Dan tidaklah patut bagi laki-laki yang mukmin dan tidak (pula) bagi perempuan yang mukmin, apabila Allah dan Rasul-Nya telah menetapkan suatu ketetapan, akan ada bagi mereka pilihan (yang lain) tentang urusan mereka. Dan barangsiapa mendurhakai Allah dan Rasul-Nya maka sungguhlah dia telah sesat, sesat yang nyata. (TQS al-Ahzab [33]: 36)
Semua itu menegaskan bahwa dalam Islam, penguasa dipilih oleh rakyat tidak lain adalah untuk menerapkan dan menjalankan hukum syara’, bukan hukum positif buatan manusia seperti dalam demokrasi. Jelas dalam filosofi pelaksanaan pilar kekuasaan milik rakyat ini, demokrasi bertentangan dengan Islam.
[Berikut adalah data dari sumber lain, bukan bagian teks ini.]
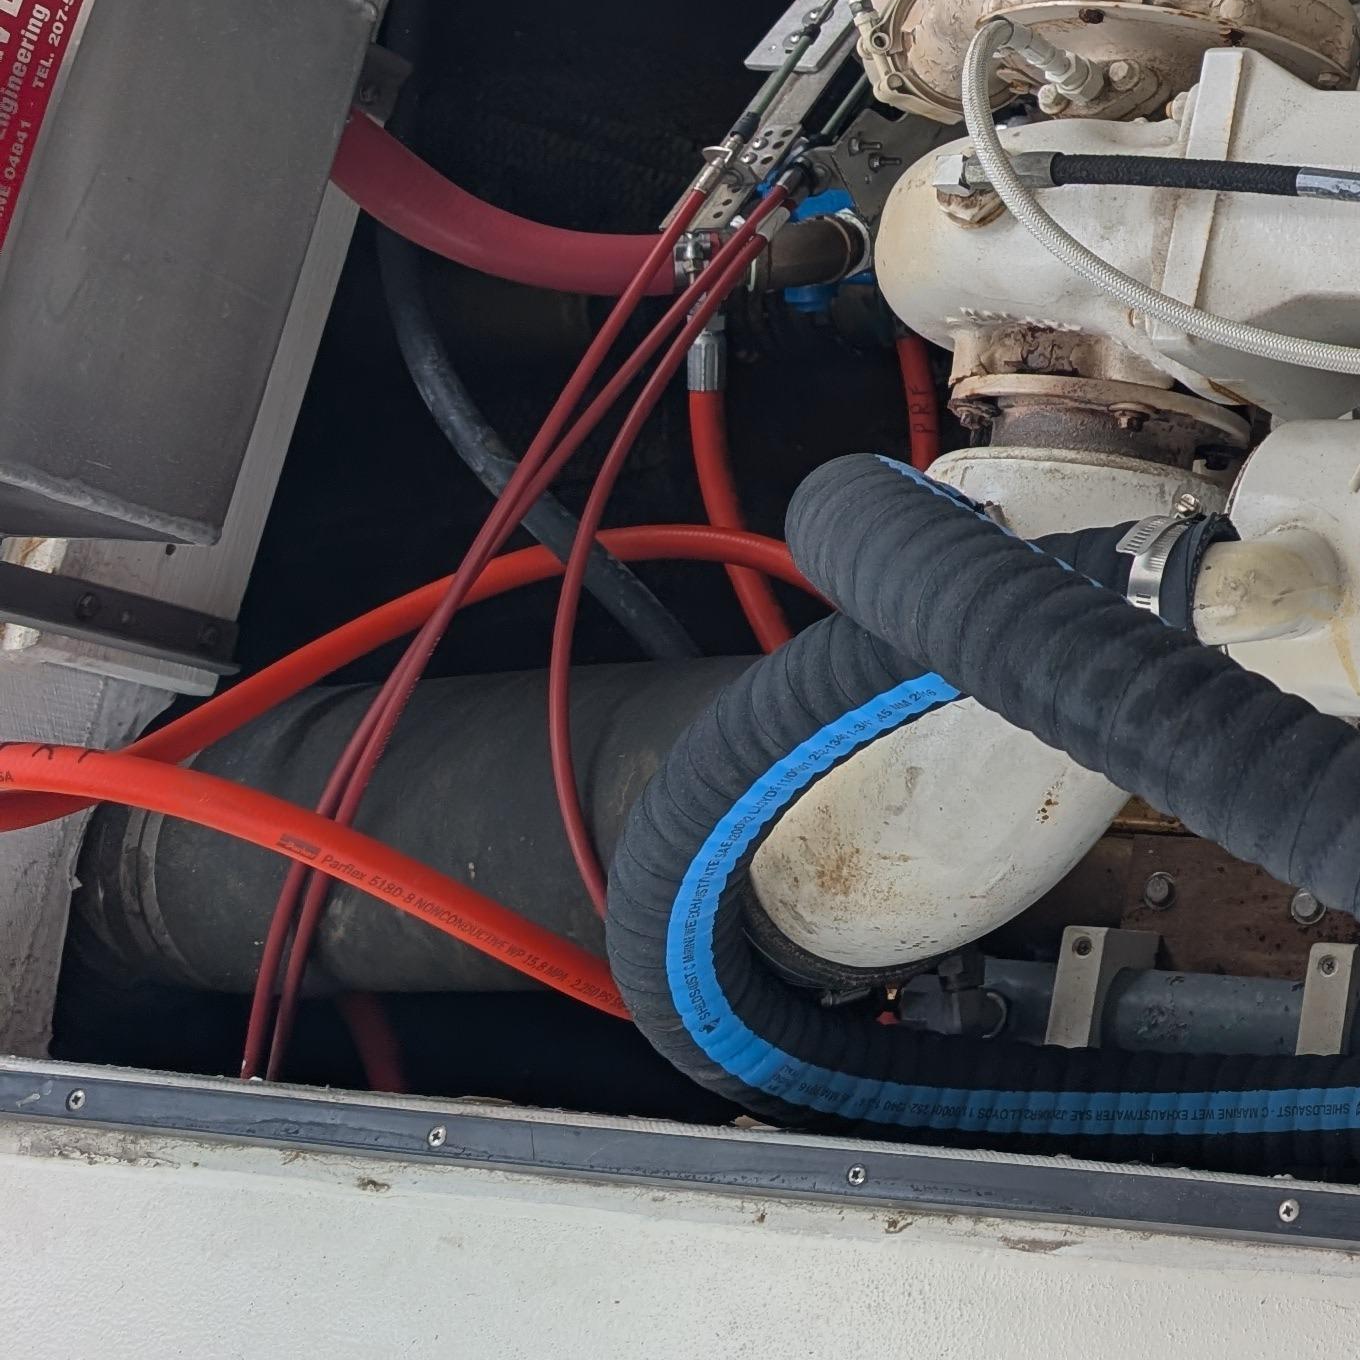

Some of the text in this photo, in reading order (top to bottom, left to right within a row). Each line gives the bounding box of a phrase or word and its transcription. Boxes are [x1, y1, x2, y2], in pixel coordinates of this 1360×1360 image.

[0, 3, 51, 139] ngineering
[1190, 1109, 1215, 1121] WET
[1218, 1107, 1259, 1120] MARINE
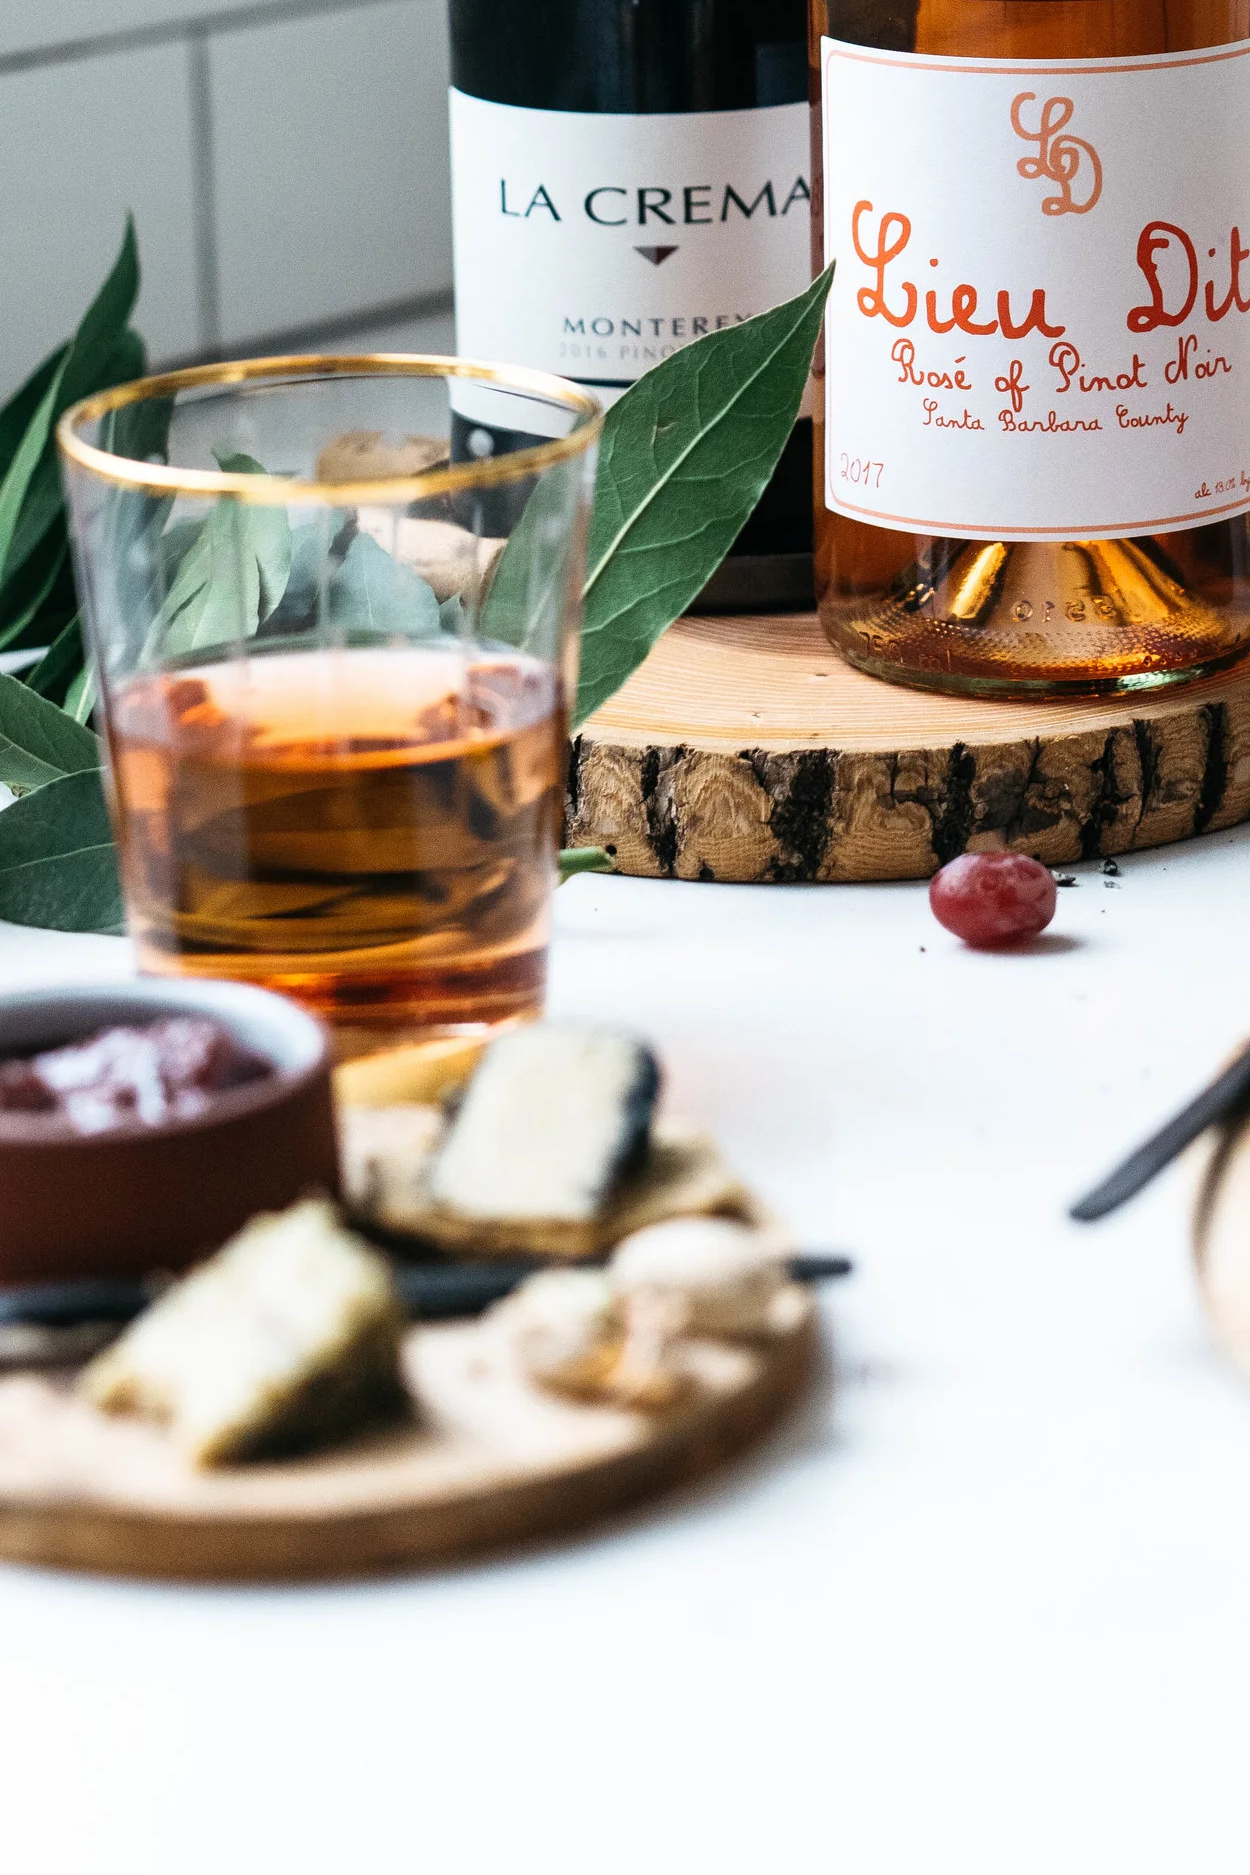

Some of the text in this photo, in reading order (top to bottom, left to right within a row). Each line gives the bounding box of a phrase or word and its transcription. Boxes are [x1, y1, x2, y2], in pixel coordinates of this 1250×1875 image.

[500, 175, 811, 226] LA CREMA
[851, 200, 1066, 339] Lieu
[558, 342, 607, 360] 2016
[890, 333, 1232, 413] Rosé of Pinot Noir
[922, 397, 1189, 436] Santa Barbara County
[840, 452, 884, 488] 2017
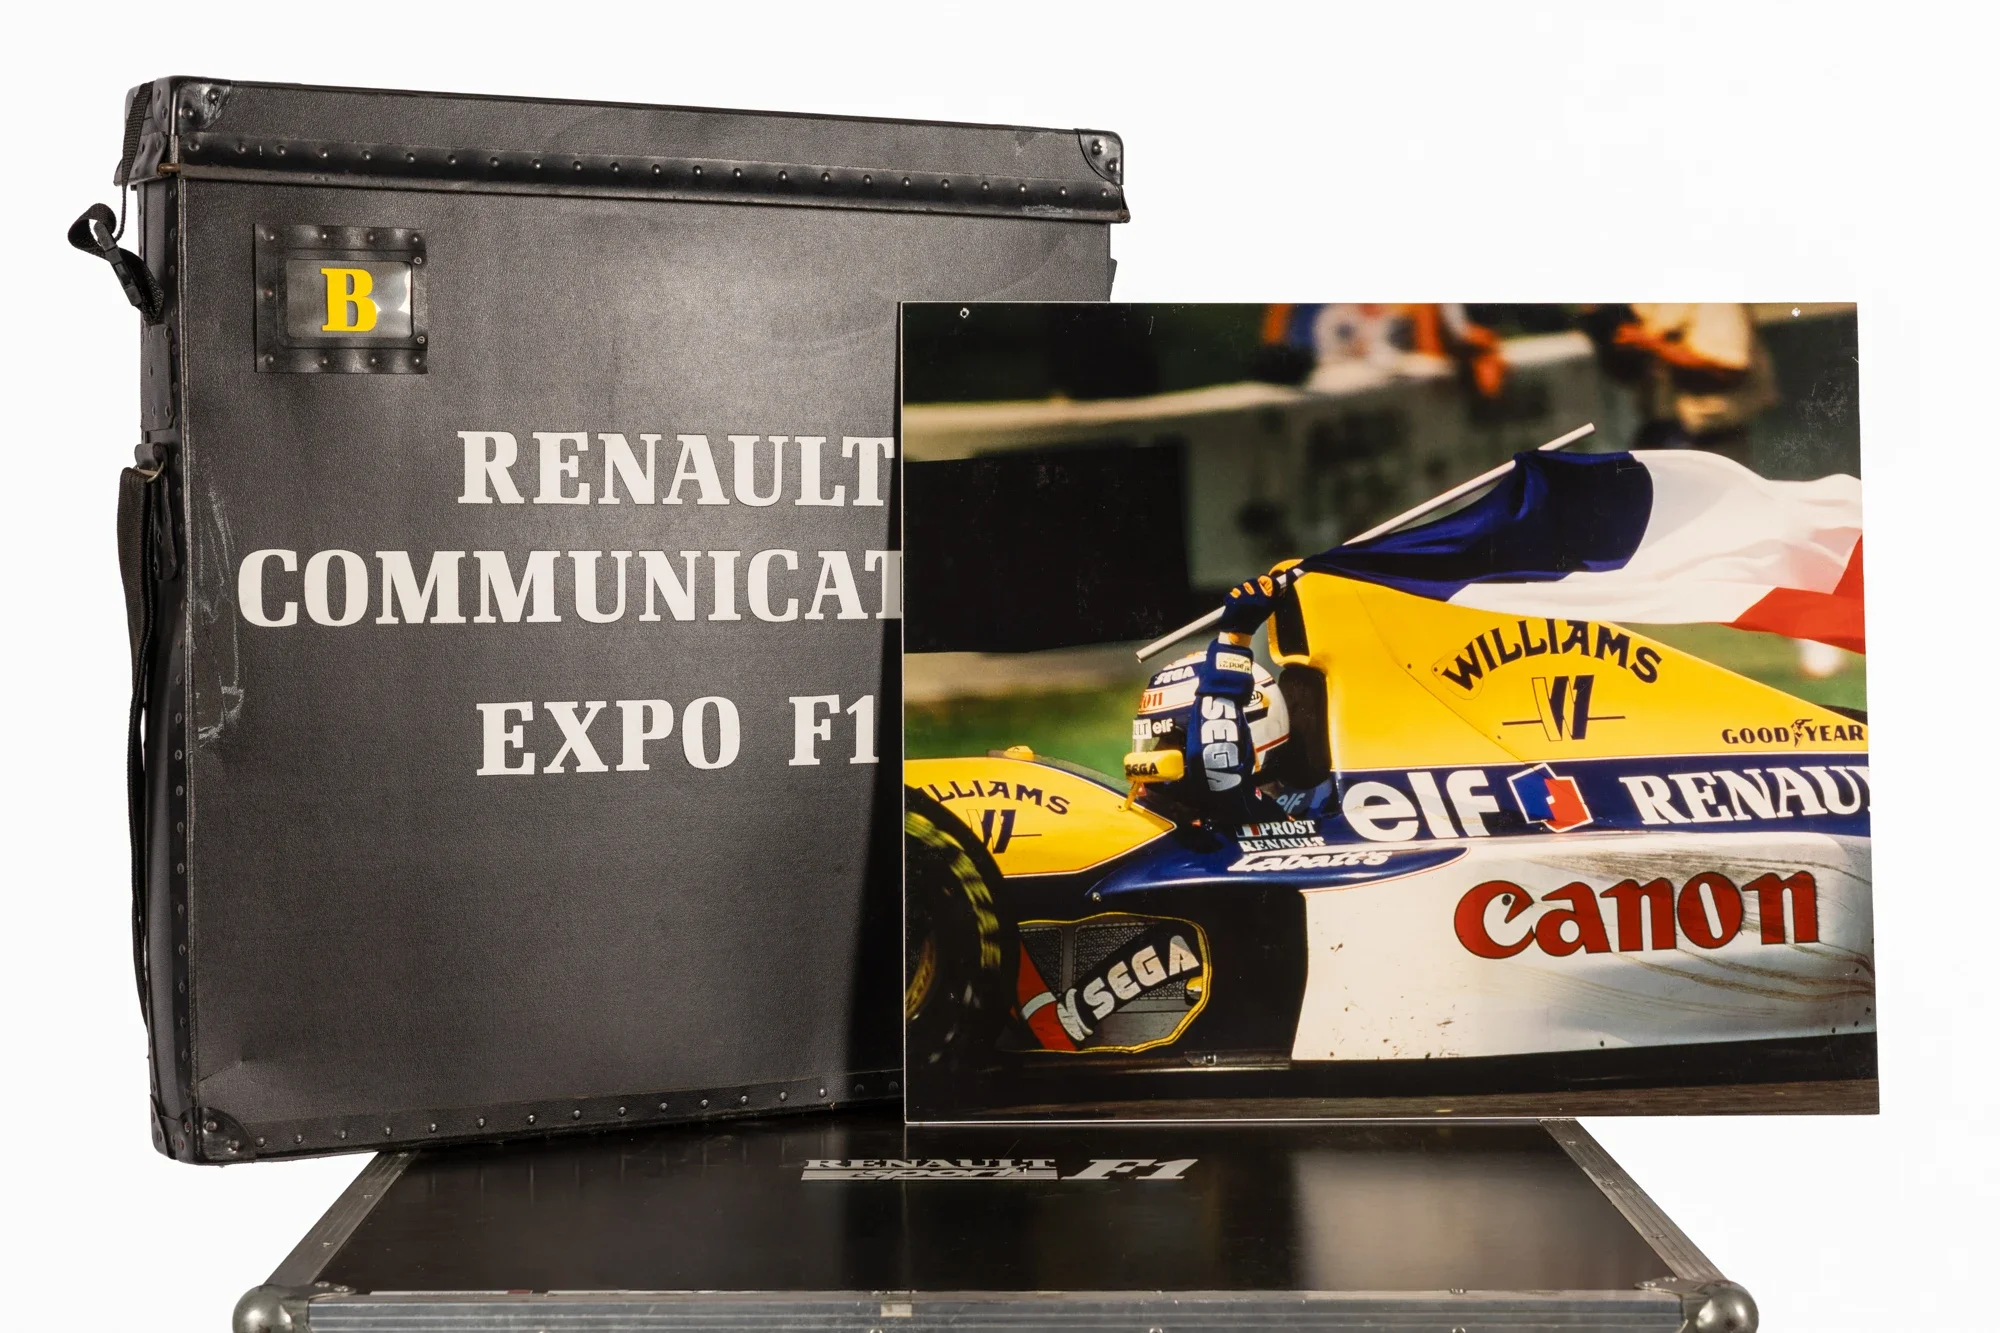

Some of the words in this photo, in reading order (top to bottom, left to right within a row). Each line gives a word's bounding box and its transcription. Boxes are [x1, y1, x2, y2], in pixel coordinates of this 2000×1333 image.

Sementara dalam rincian prakteknya, dalam demokrasi pelimpahan kekuasaan kepada penguasa dilakukan menurut teori kontrak sosial, sementara dalam Islam dilakukan melalui akad baiat dari rakyat kepada penguasa. Dalam demokrasi, penguasa “bekerja” kepada rakyat sehingga diberi gaji. Sedangkan dalam Islam, penguasa “mewakili” rakyat mengimplementasikan hukum syara’, dan kepadanya tidak diberi gaji melainkan tunjangan untuk mencukupi kebutuhannya dan keluarganya secara makruf; sebab penguasa tersebut telah memberikan seluruh waktunya untuk mengurus rakyat.